◆ **About this task**: Reproduce every entry that follows word for word, but omit the images.

◆ **Extracted material**:
§ §
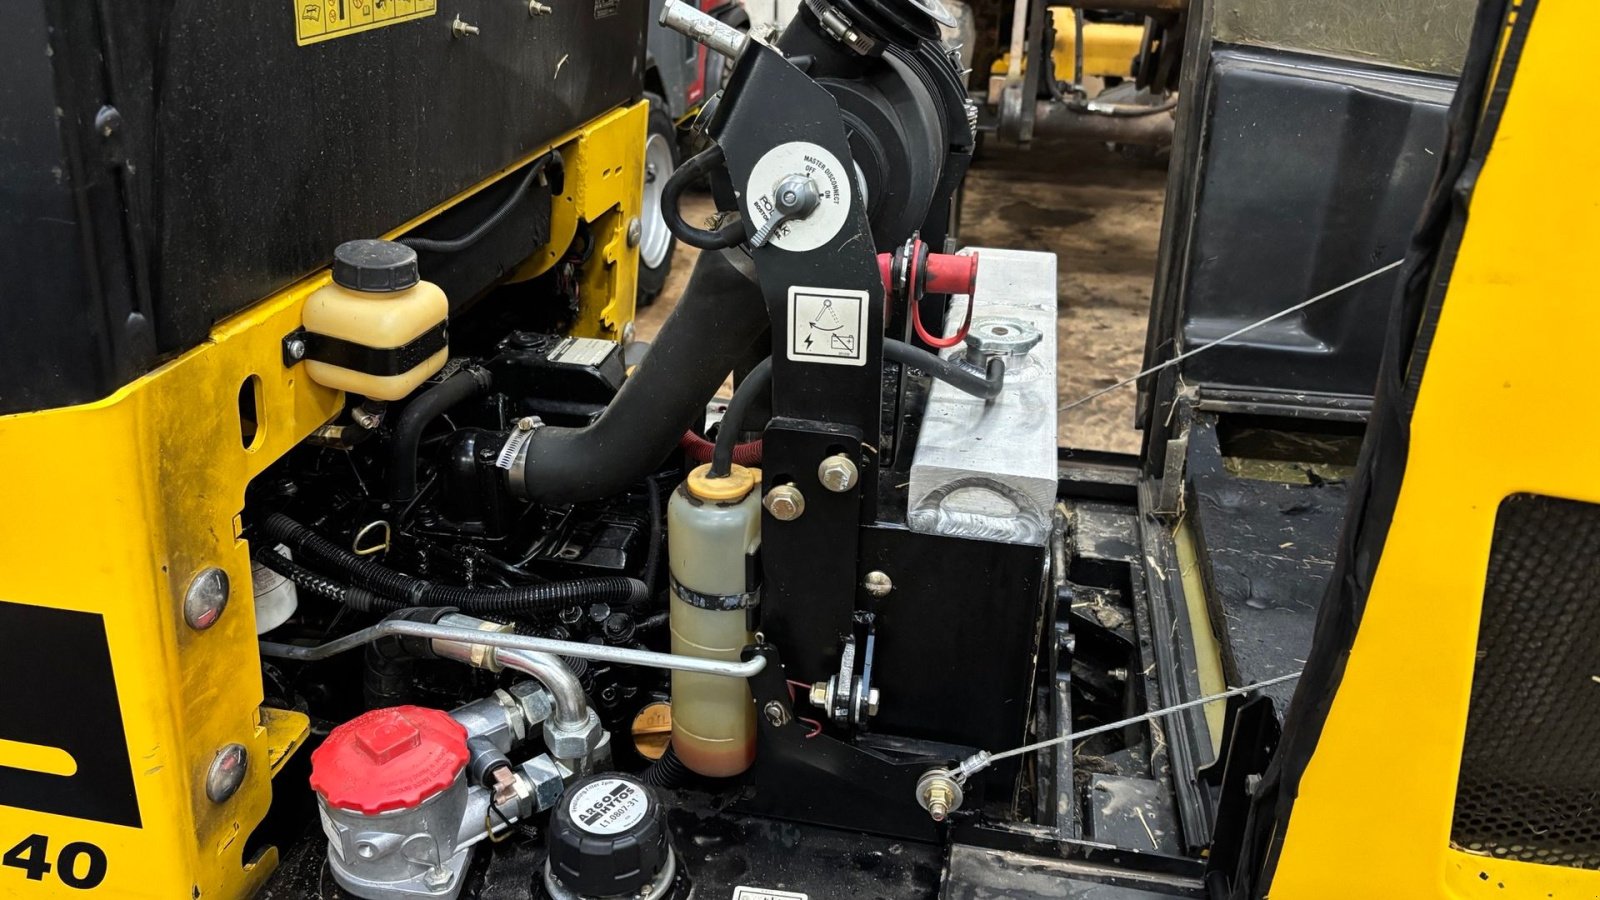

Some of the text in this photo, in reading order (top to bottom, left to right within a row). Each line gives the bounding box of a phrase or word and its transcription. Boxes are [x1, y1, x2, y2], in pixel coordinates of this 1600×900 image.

[804, 155, 840, 204] MASTER DISCONNECT
[805, 165, 816, 174] OFF
[824, 190, 831, 199] ON
[578, 795, 613, 822] ARGO
[599, 797, 639, 828] L1.0807-31
[600, 787, 635, 815] HYTOS
[2, 833, 108, 890] 40
§ §
◆ **Solution**:
Some of the text in this photo, in reading order (top to bottom, left to right within a row). Each line gives the bounding box of a phrase or word and its transcription. Boxes are [x1, y1, x2, y2], in pixel coordinates of this 1600×900 image.

[804, 155, 840, 204] MASTER DISCONNECT
[805, 165, 816, 174] OFF
[824, 190, 831, 199] ON
[578, 795, 613, 822] ARGO
[599, 797, 639, 828] L1.0807-31
[600, 787, 635, 815] HYTOS
[2, 833, 108, 890] 40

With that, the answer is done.